- TASK TO COMPLETE
Transcribe the listing below exactly, leaving out each image.
►
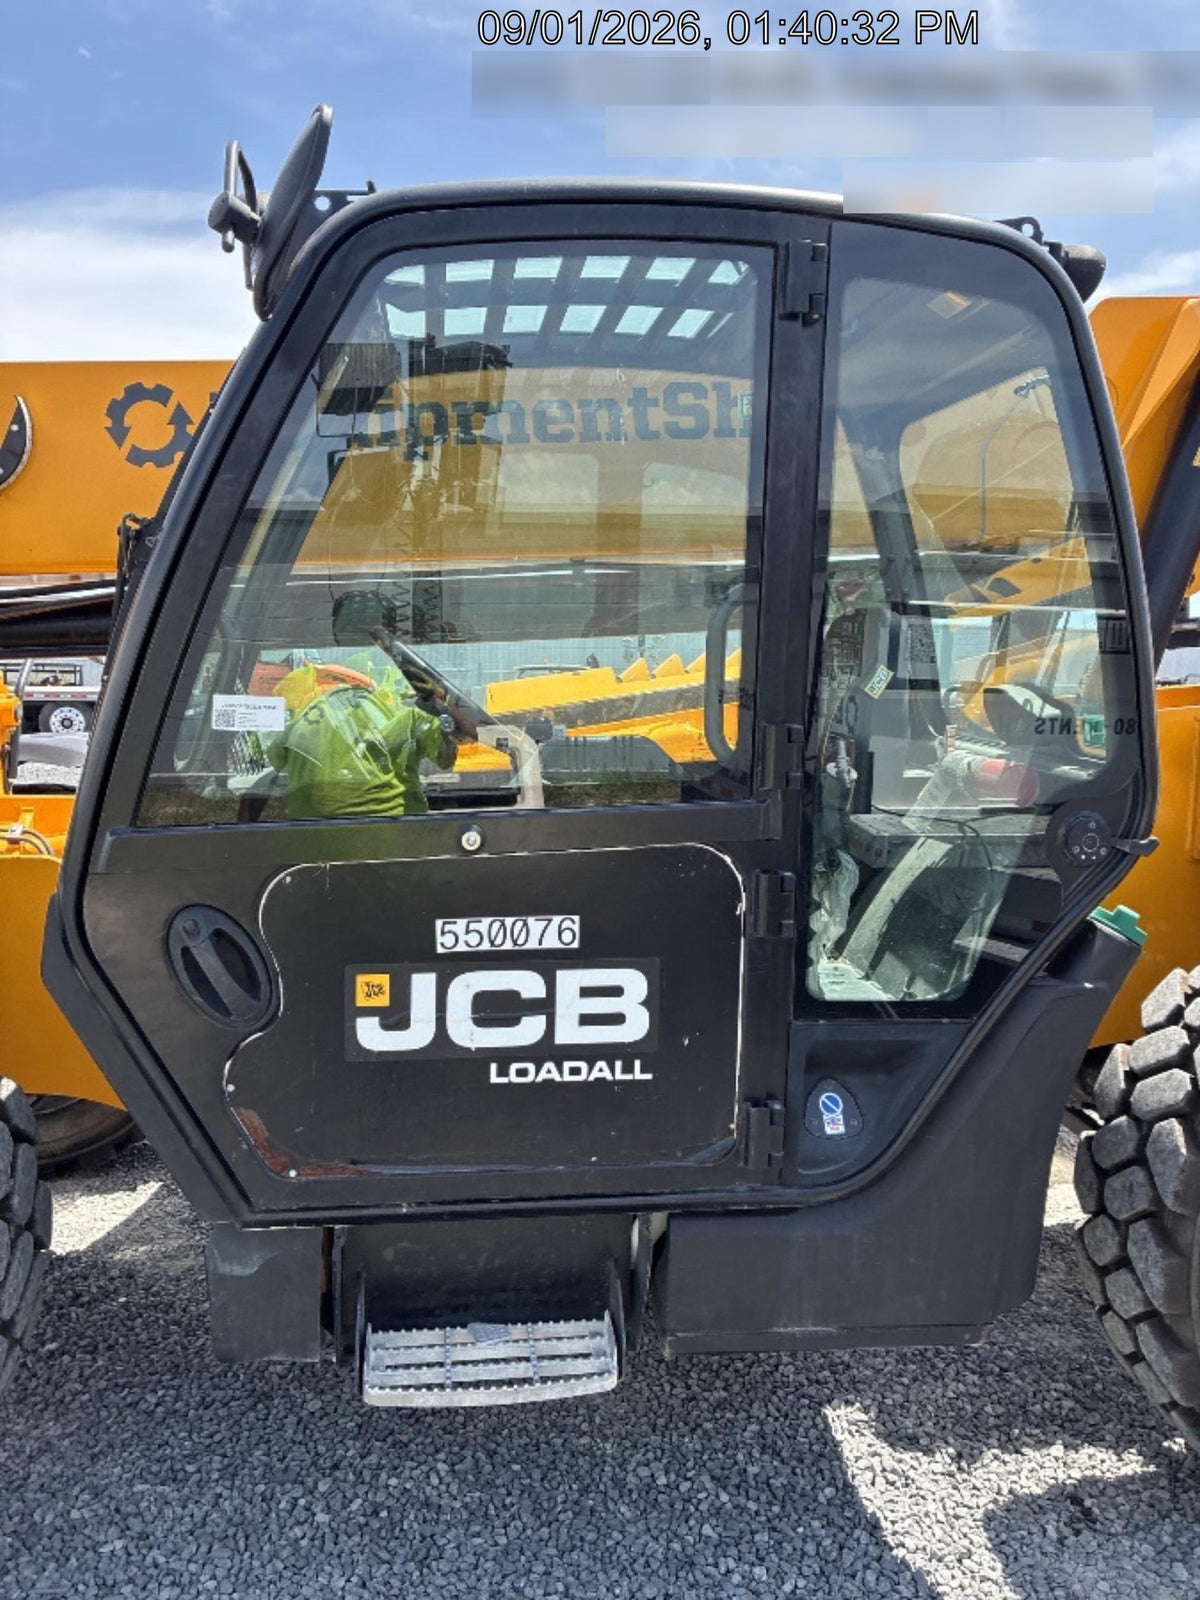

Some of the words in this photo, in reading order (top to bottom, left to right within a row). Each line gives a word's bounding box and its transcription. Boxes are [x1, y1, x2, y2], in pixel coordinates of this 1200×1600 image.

[438, 916, 578, 950] 550076
[355, 968, 650, 1052] JCB
[489, 1059, 653, 1084] LOADALL
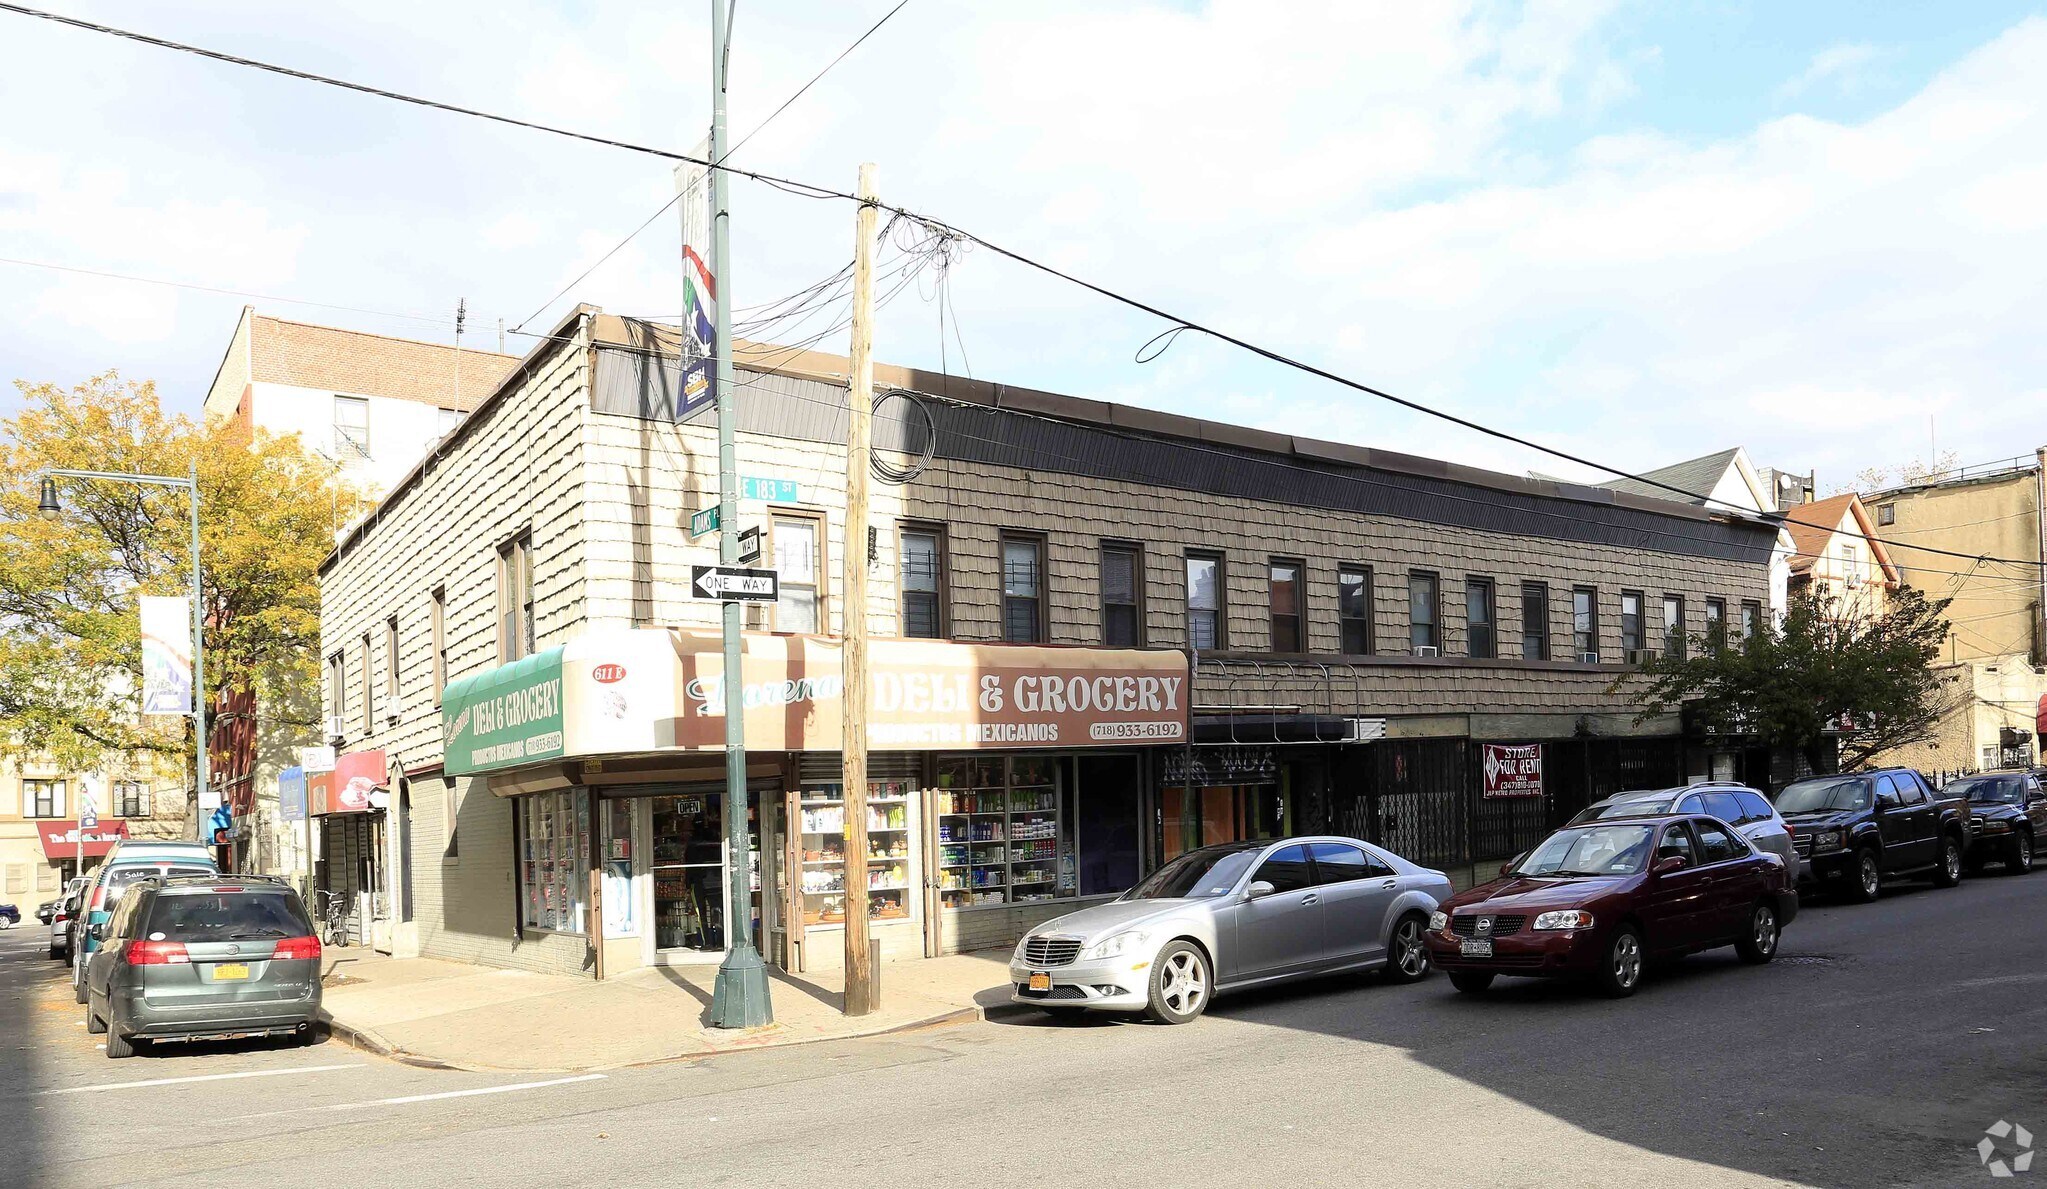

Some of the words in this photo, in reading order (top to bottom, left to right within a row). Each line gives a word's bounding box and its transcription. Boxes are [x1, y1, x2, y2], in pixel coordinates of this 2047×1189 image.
◄
- SOLVED PROBLEM
Some of the words in this photo, in reading order (top to bottom, left to right within a row). Each line gives a word's bounding box and its transcription. Boxes are [x1, y1, x2, y2], in pixel coordinates of this 1200×1600 image.

[438, 916, 578, 950] 550076
[355, 968, 650, 1052] JCB
[489, 1059, 653, 1084] LOADALL

Some of the words in this photo, in reading order (top to bottom, left to right within a row). Each line gives a word's bounding box and its transcription. Boxes are [x1, y1, x2, y2], in pixel coordinates of this 2047×1189 image.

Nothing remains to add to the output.